Uma pessoa sem grana é dependente. Então, quando consegue um emprego com carteira assinada ou aprende a tocar o próprio negócio, tem a chance de pensar além. Quanto menos ela tem de matar um leão por dia para sobreviver, mais consegue fazer planos, olhar pra frente. Consegue ter a ambição de que sua família se desenvolva junto com ela, que sua comunidade se desenvolva. Uma ambição positiva. Então, a segurança do crescimento do emprego formal cria um ambiente que possibilita que mais brasileiros possam pensar adiante. A segurança econômica, mais que uma sensação, é algo efetivo, e para o país é um ativo, é o que faz sua economia crescer. Uma pessoa empregada tem FGTS, 13º, férias com adicional de um terço para poder desejar uma viagem, terá seguro-desemprego. Então, objetivamente, temos um ambiente em que mais indivíduos estão mais seguros de que podem experimentar um desenvolvimento econômico e também pessoal.

Essa pessoa que saiu da chamada linha de pobreza e passa a ser incluída no mercado consumidor não é a que vai comprar jet ski, mas vai experimentar o acesso a um novo hábito alimentar, a roupas, a equipamentos domésticos. Ela passa a ter também maior necessidade de conhecimento, de informação?

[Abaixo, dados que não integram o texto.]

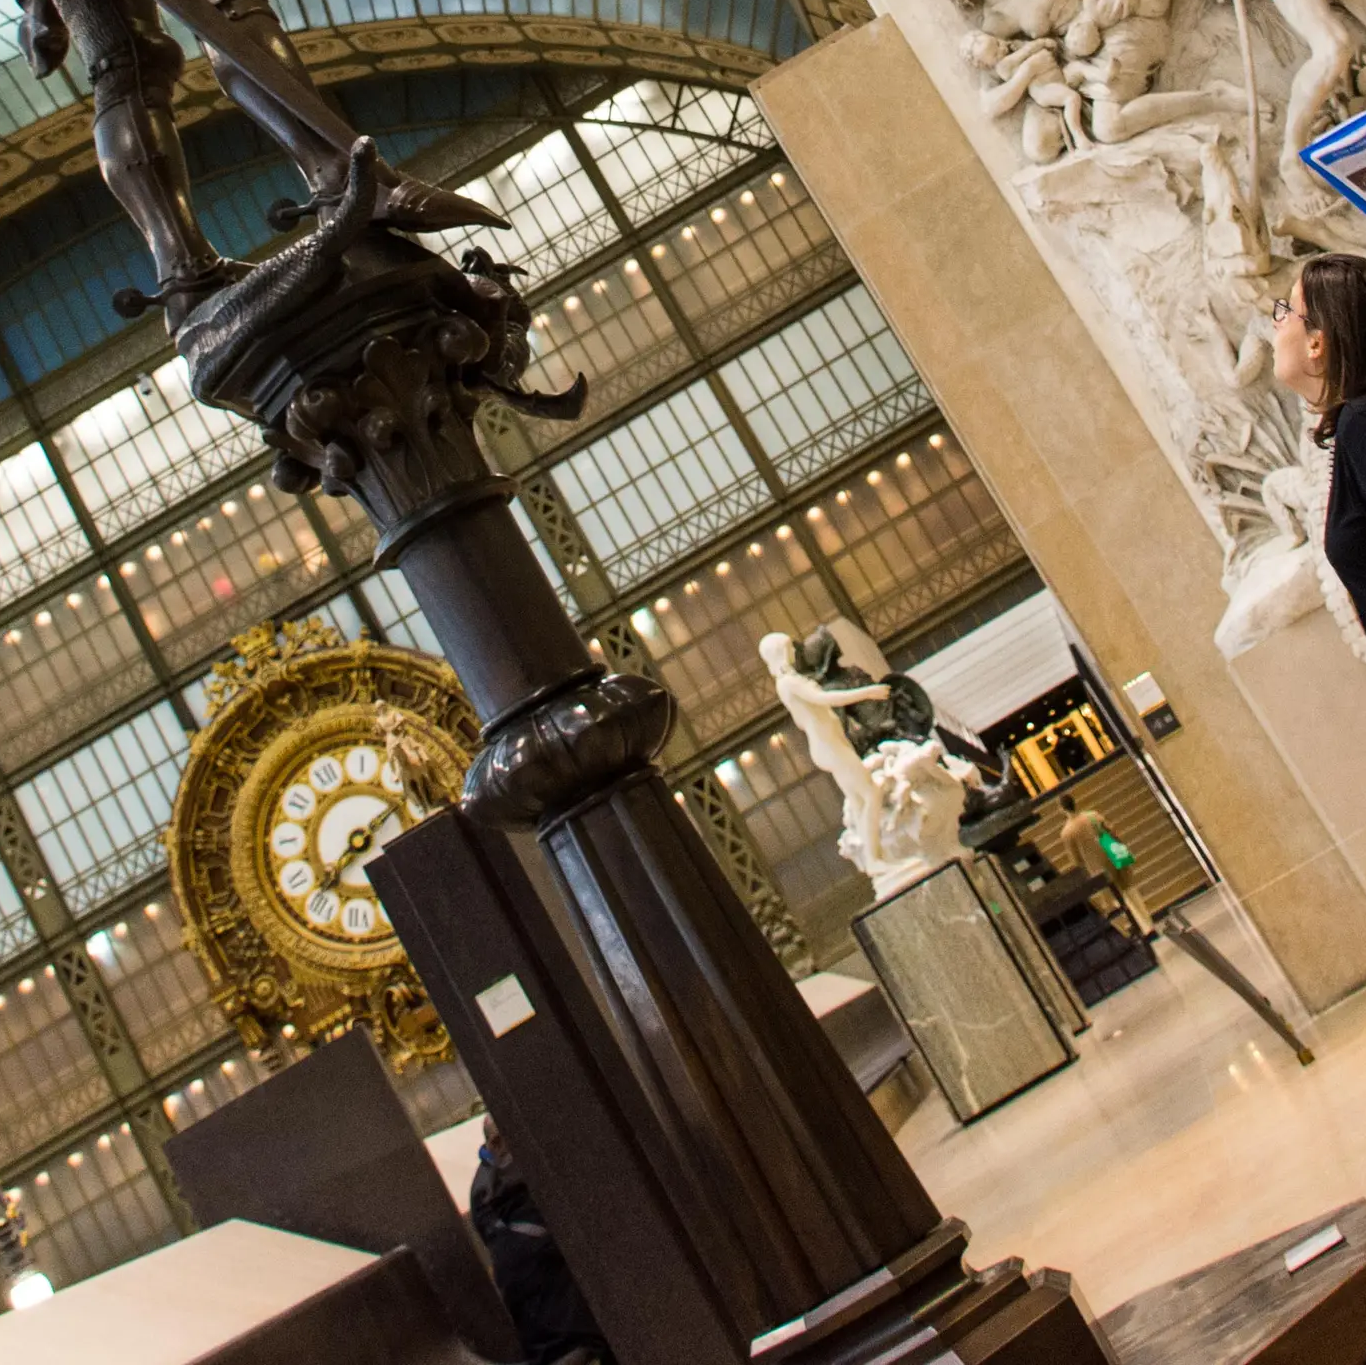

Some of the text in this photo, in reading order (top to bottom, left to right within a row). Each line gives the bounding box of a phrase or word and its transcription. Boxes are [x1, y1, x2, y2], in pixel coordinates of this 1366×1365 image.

[314, 761, 339, 786] XII
[359, 754, 366, 775] I
[288, 791, 311, 814] XI
[347, 906, 370, 929] VII

A segurança financeira leva as pessoas a estudar mais, a empreender mais, a viajar mais e ampliar seu horizonte cultural. O Brasil começou a mudar com a criação de mais empregos e consequentemente com o aumento da renda, mas é uma mudança nos níveis educacionais que vai levar o país adiante. Temos 3 milhões de estudantes universitários a mais do que há uma década. Uma geração de universitários sendo formada, e cada ano a mais de estudo na vida da pessoa terá impacto positivo no salário e na renda. Além disso, você tem um círculo virtuoso. Pessoas mais escolarizadas também têm filhos mais escolarizados, e portanto tendem a cobrar maior qualidade do ensino que é oferecido a seus filhos. A melhora do ensino leva também à formação de um brasileiro que enxerga a educação como um passaporte para a melhora de sua qualidade de vida.